WORK TO BE COMPLETED
Without including any pictures, please copy every entry below exactly.

MATERIAL SUPPLIED
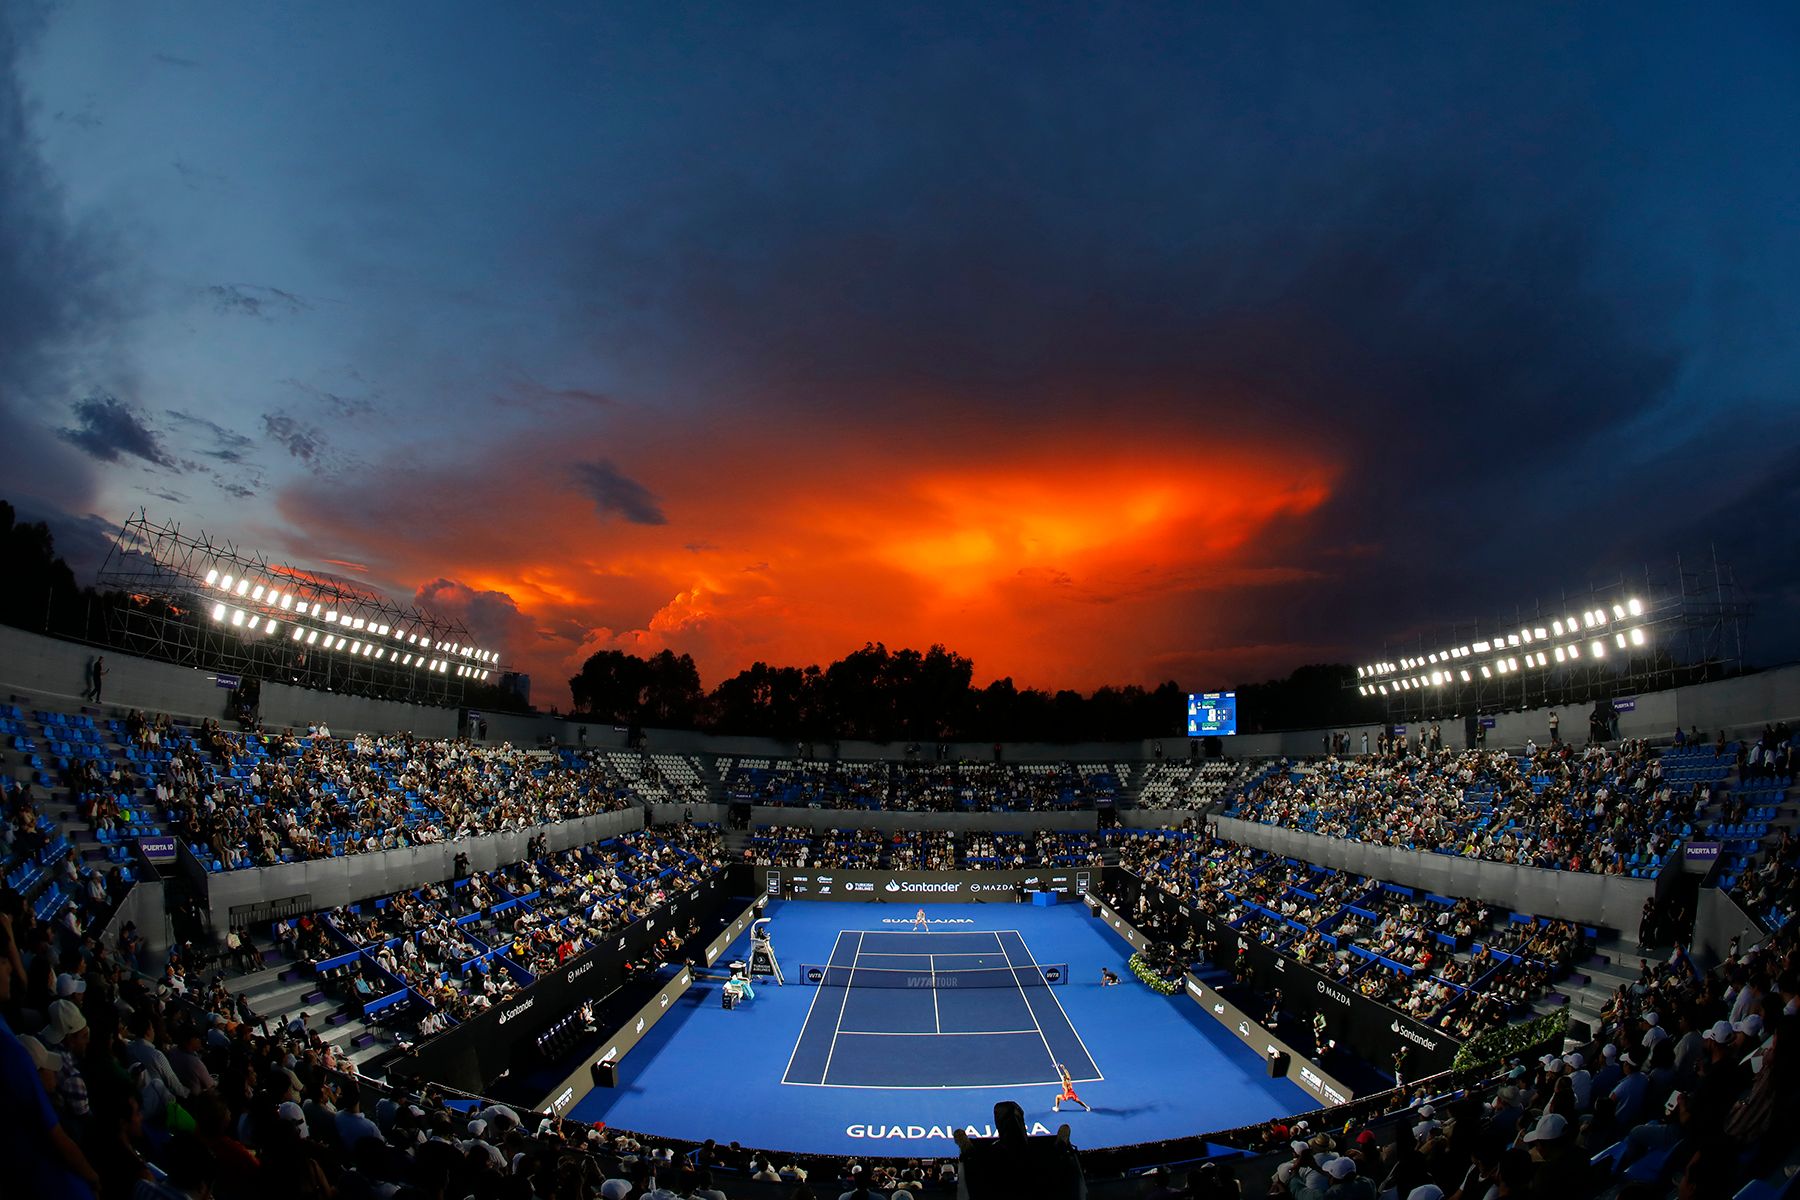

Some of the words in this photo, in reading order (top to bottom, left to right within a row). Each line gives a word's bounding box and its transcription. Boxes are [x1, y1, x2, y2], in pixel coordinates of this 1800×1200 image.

[901, 881, 960, 892] Santander
[982, 884, 1015, 892] MAZDA
[574, 960, 594, 978] MAZDA
[907, 977, 933, 988] WTA
[936, 977, 958, 988] TOUR
[1325, 986, 1351, 1007] MAZDA
[506, 998, 534, 1021] Santander
[1399, 1025, 1436, 1052] Santander
[846, 1122, 1051, 1139] GUADALAJA
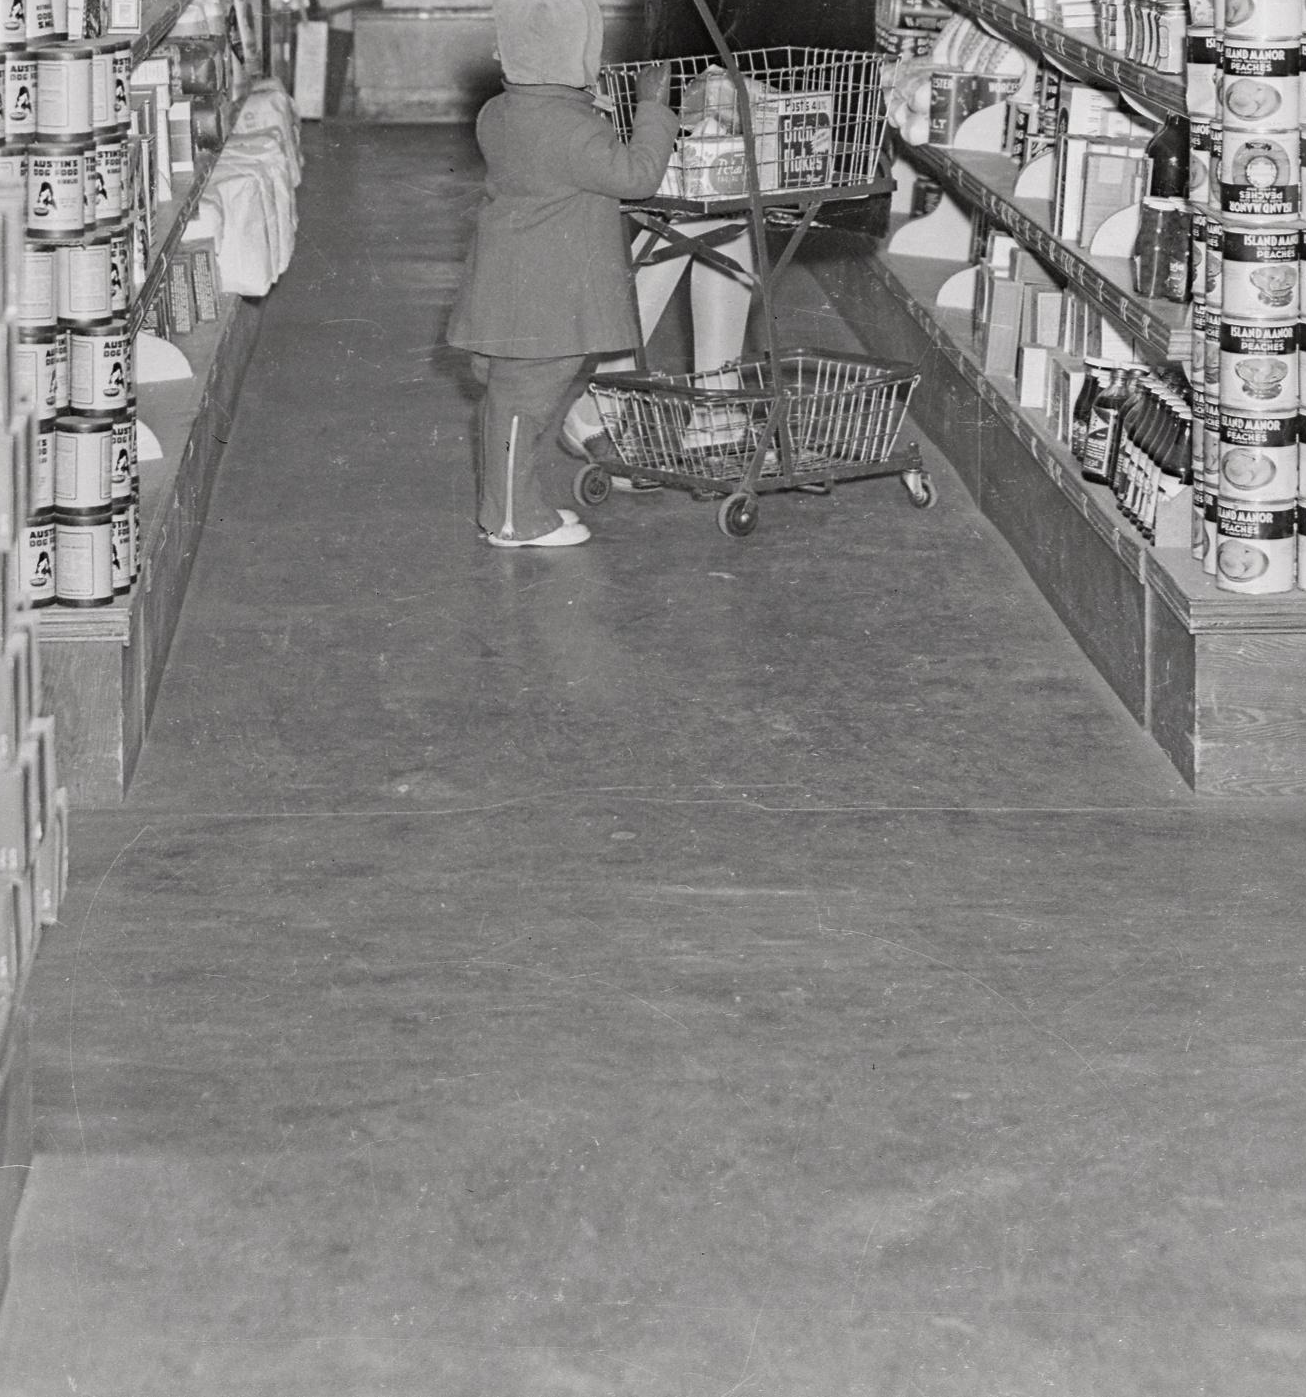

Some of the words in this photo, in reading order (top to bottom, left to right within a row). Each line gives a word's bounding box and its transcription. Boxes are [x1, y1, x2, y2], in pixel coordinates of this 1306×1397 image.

[1249, 50, 1286, 61] MANOR
[1230, 62, 1272, 72] PEACHES
[989, 82, 1019, 92] WORCES
[933, 118, 947, 129] LT
[33, 160, 78, 168] AUSTIN'S
[33, 168, 51, 177] DOG
[55, 168, 78, 177] FOOD
[1239, 190, 1283, 200] PEACHES
[1229, 202, 1264, 213] MANOR
[1244, 235, 1276, 246] ISLAND
[1256, 249, 1295, 259] PEACHES
[1230, 326, 1262, 338] ISLAND
[1263, 327, 1293, 338] MANOR
[1241, 341, 1284, 351] PEACHES
[1244, 419, 1281, 431] MANOR
[1227, 431, 1268, 442] PEACHES
[1236, 511, 1273, 524] MANOR
[1220, 524, 1260, 535] PEACHES
[29, 539, 48, 548] DOG
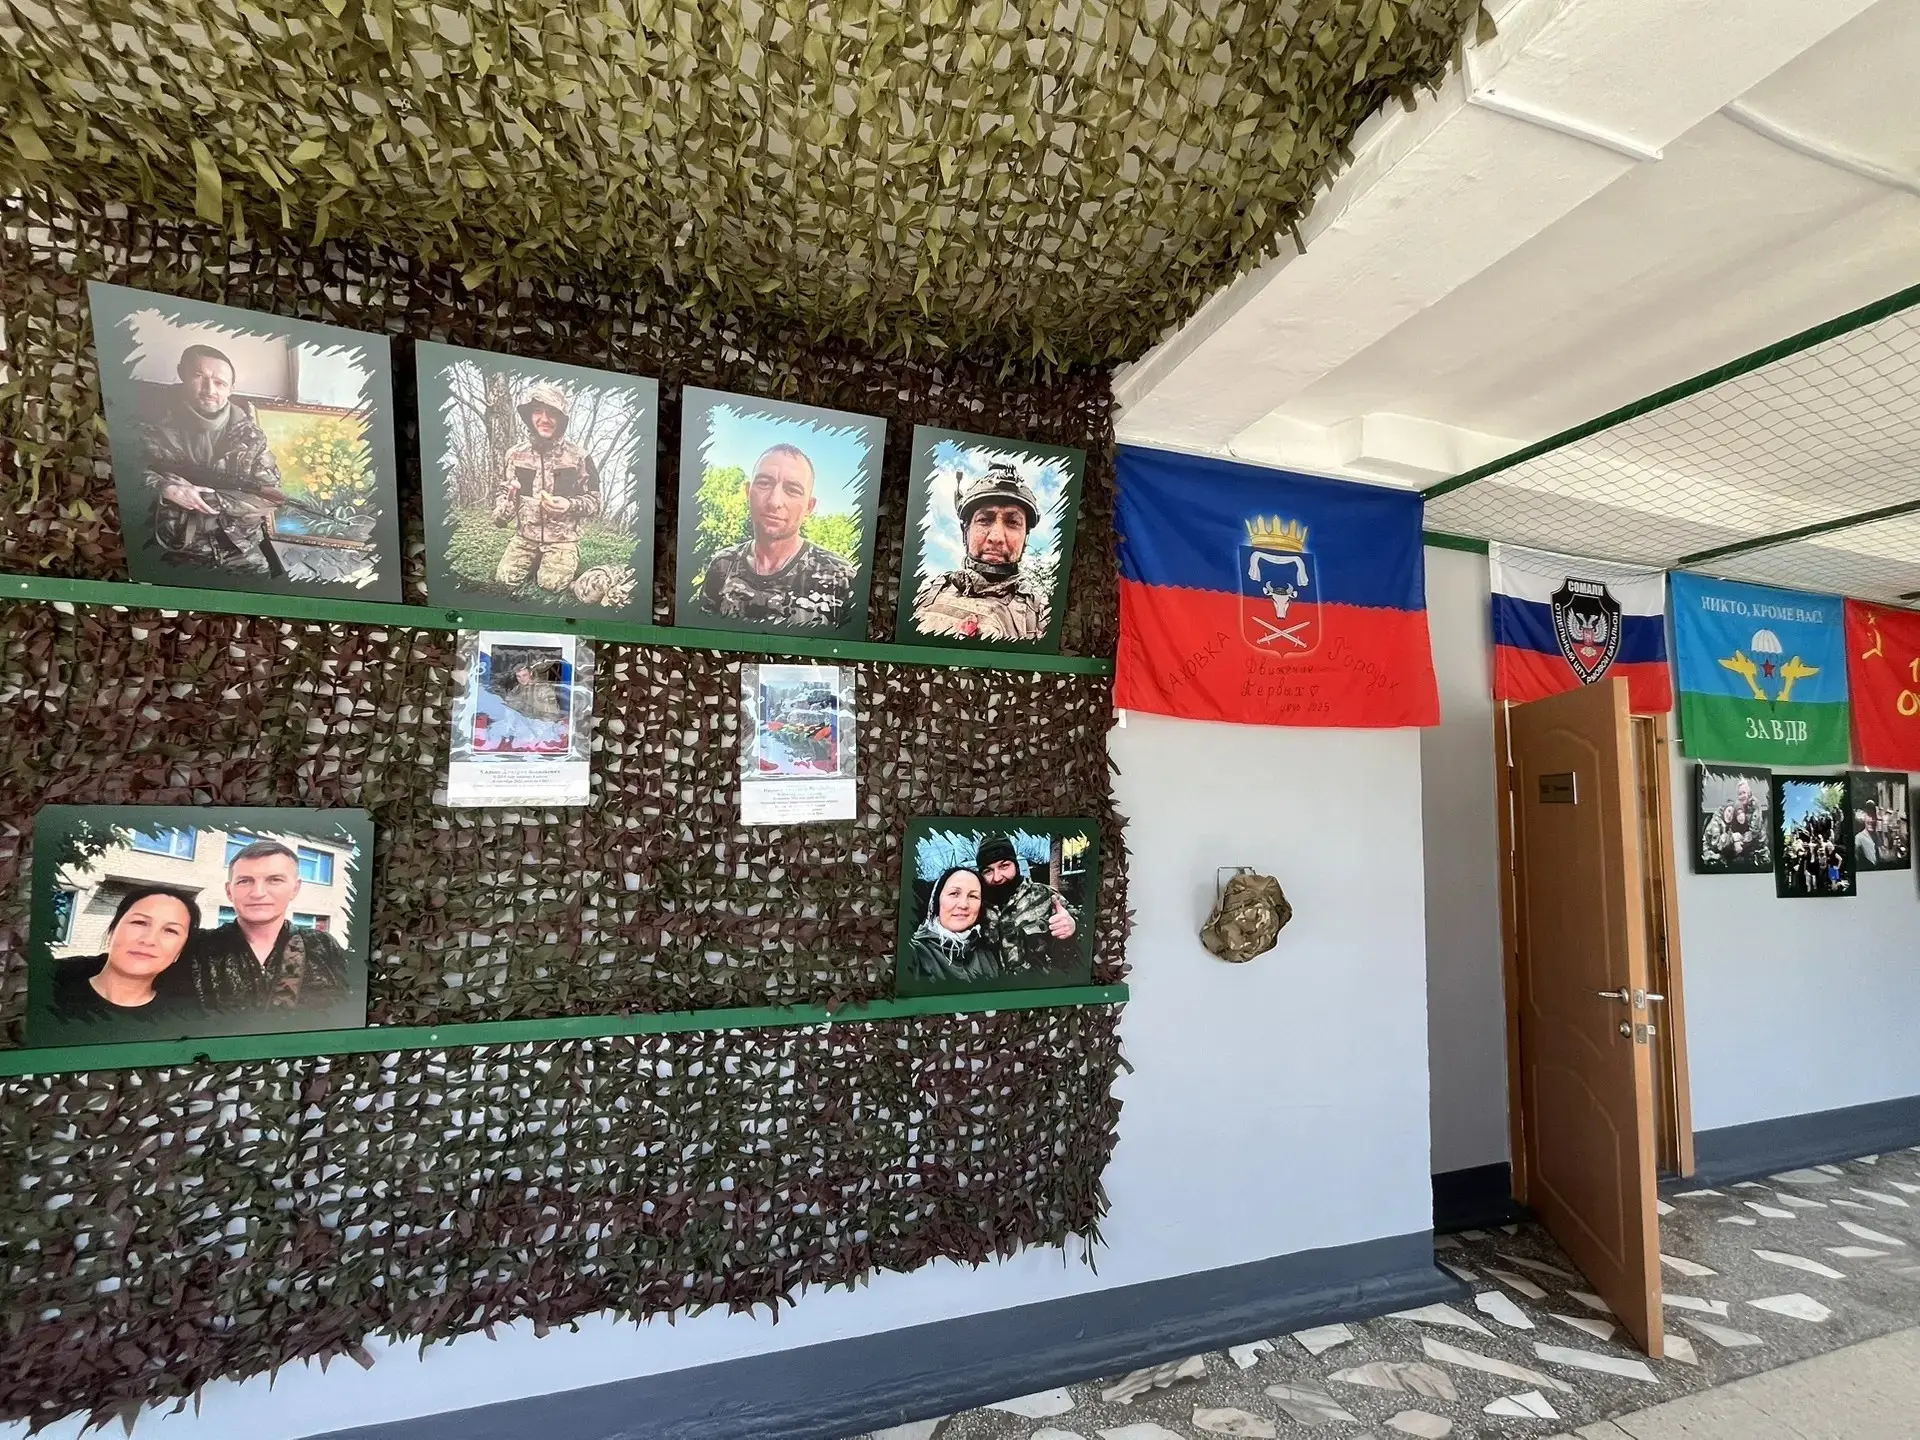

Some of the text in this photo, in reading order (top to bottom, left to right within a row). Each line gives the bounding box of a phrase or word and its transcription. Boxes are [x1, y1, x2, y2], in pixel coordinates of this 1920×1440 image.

[1567, 580, 1604, 597] СОМАЛИ
[1701, 596, 1750, 617] НИКТО,
[1752, 603, 1794, 621] КРОМЕ
[1554, 602, 1576, 662] ОТДЕЛЬНЫЙ
[1606, 611, 1619, 657] БАТАЛЬОН
[1745, 717, 1808, 746] ЗА ВДВ

TASK OUTPUT
Some of the words in this photo, in reading order (top to bottom, left to right within a row). Each line gives a word's bounding box and its transcription. Boxes are [x1, y1, x2, y2], in pixel coordinates of this 1800×1200 image.

[901, 881, 960, 892] Santander
[982, 884, 1015, 892] MAZDA
[574, 960, 594, 978] MAZDA
[907, 977, 933, 988] WTA
[936, 977, 958, 988] TOUR
[1325, 986, 1351, 1007] MAZDA
[506, 998, 534, 1021] Santander
[1399, 1025, 1436, 1052] Santander
[846, 1122, 1051, 1139] GUADALAJA

Some of the words in this photo, in reading order (top to bottom, left to right within a row). Each line gives a word's bounding box and its transcription. Boxes are [x1, y1, x2, y2], in pixel coordinates of this 1306×1397 image.

[1249, 50, 1286, 61] MANOR
[1230, 62, 1272, 72] PEACHES
[989, 82, 1019, 92] WORCES
[933, 118, 947, 129] LT
[33, 160, 78, 168] AUSTIN'S
[33, 168, 51, 177] DOG
[55, 168, 78, 177] FOOD
[1239, 190, 1283, 200] PEACHES
[1229, 202, 1264, 213] MANOR
[1244, 235, 1276, 246] ISLAND
[1256, 249, 1295, 259] PEACHES
[1230, 326, 1262, 338] ISLAND
[1263, 327, 1293, 338] MANOR
[1241, 341, 1284, 351] PEACHES
[1244, 419, 1281, 431] MANOR
[1227, 431, 1268, 442] PEACHES
[1236, 511, 1273, 524] MANOR
[1220, 524, 1260, 535] PEACHES
[29, 539, 48, 548] DOG

Some of the text in this photo, in reading order (top to bottom, left to right within a row). Each line gives the bounding box of a phrase or word and its transcription. Boxes are [x1, y1, x2, y2], in pixel coordinates of this 1920×1440 image.

[1567, 580, 1604, 597] СОМАЛИ
[1701, 596, 1750, 617] НИКТО,
[1752, 603, 1794, 621] КРОМЕ
[1554, 602, 1576, 662] ОТДЕЛЬНЫЙ
[1606, 611, 1619, 657] БАТАЛЬОН
[1745, 717, 1808, 746] ЗА ВДВ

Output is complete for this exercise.